1.2 Personality Dataset

Self report personality measures could serve as projections of similar mindsets and cultural similarities between participants in the study. For the purpose of demonstration we will use the bfi data from the psych package. This data is based on the 25-item IPIP scale by Goldberg (1999), collected in the Spring of 2010. It consists of over 2800 data points. It measures the five dimensions of personality, namely - Conscientiousness, Extraversion, Neuroticism, Agreeableness and Openness to experience. We will also be asssessing two types of the original data. One, the original raw data and two, the ipsatized version of the data - this will involve mean centering the data for every participant.

1.3 Values Dataset

The World Values Survey (WVS) is being collected since 1981 as an effort towards enabling policy makers, governments, researchers and organizations to make sound decisions about developing and forming a better society. For the purpose of the present study, we will be using the Wave 6 of the World Values Survey. The data for this survey was collected between 2010 and 2014.

1.4 Analysis

The overall intention of this work is to build ideas towards quantifying culture and building similar minded groups in a given data. In more statistical terms we can call this the Dimensionality reduction problem. The overall premise of this statistical method lies in reorganizing the data in a manner that helps us to understand the best possible value of the number of dimensions that can be used to represent the data. This helps to bring a mathematical structure to the analysis of the data for the given project. We are essentially trying to understand how many dimensions ( k<p ) can be used to represent the data at hand. Several methods have been developed in the past to address the dimensionality problem.

Cluster analysis
Principal Component Analysis
Network Analysis

There are other dimensionality algorithms that could be seen as potentially important models in handling the dimensioanlity problem. Following are some of these examples and my reflections about these methods.

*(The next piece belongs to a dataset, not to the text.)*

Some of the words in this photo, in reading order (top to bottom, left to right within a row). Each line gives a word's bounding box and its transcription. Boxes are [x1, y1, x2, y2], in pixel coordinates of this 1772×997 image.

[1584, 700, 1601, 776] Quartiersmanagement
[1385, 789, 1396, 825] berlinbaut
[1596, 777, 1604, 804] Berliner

t-distributed stochastic neighbor embedding (t-SNE)

This algorithm uses a hyperparamater called “perplexity” that needs to be specified in order to carrying out dimensionality reduction. In essence perplexity is equivalent to specifying the number of k in k-means clustering. There is currently no method (that I know of) that can identify the optimal number of dimensions to be retained.

Uniform manifold approximation and projection (UMAP)

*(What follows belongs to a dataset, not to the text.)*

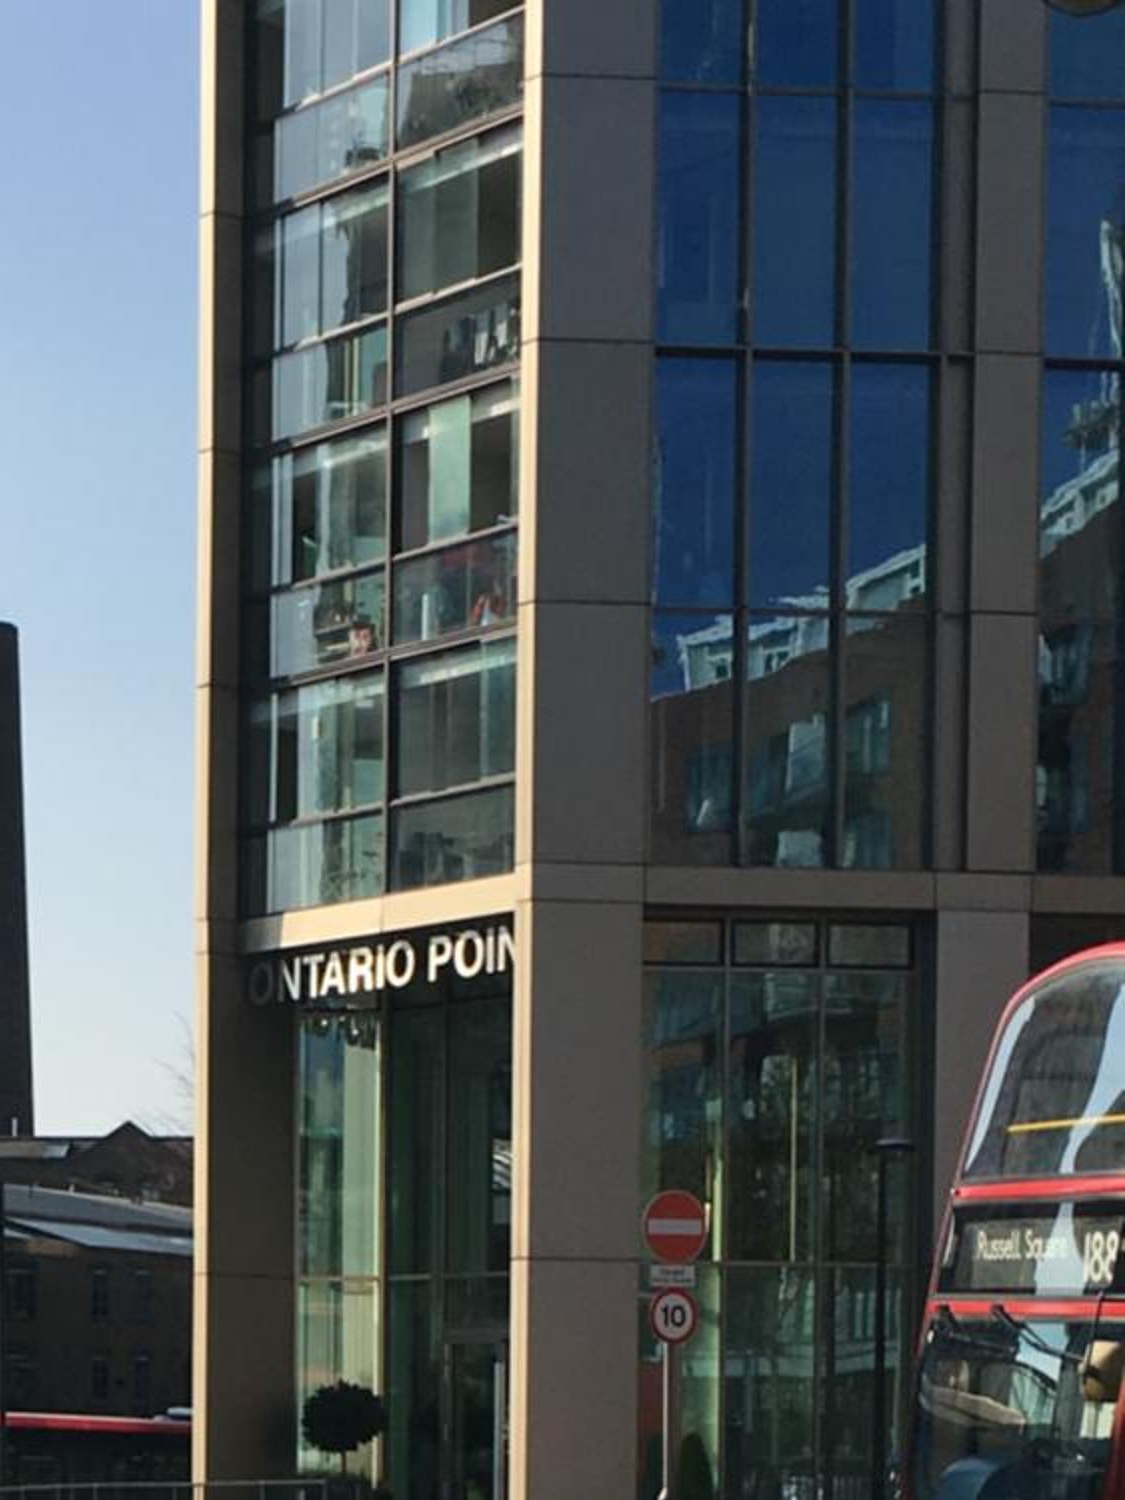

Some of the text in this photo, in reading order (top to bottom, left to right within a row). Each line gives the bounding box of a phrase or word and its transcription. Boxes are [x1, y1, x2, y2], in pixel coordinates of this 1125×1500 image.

[249, 939, 416, 1007] ONTARIO
[974, 1228, 1022, 1261] Russell
[1082, 1229, 1120, 1285] 188
[661, 1304, 687, 1328] 10

UMAP certainly has an advantage over t-SNE with its ability to preserve both local and global structure of the data. It also has computational advantages over t-SNE. Yet again there is no way of determining what an optimal number of dimensions is. One potential option could be using cross validations but this requires further explorations in terms of n_neighbor specifications.

Autoencoders

Autoencoder, a relatively novel technique used for dimensionality reduction, is trained over number of iterations with the use of gradient descent, and it aims at minimising the mean squared error. The neural network basis to this algorithm lays the key emphasis on the “bottleneck” hidden layer where the input layer information is further compressed. However, there are no guidelines to choose the size of this bottleneck layer.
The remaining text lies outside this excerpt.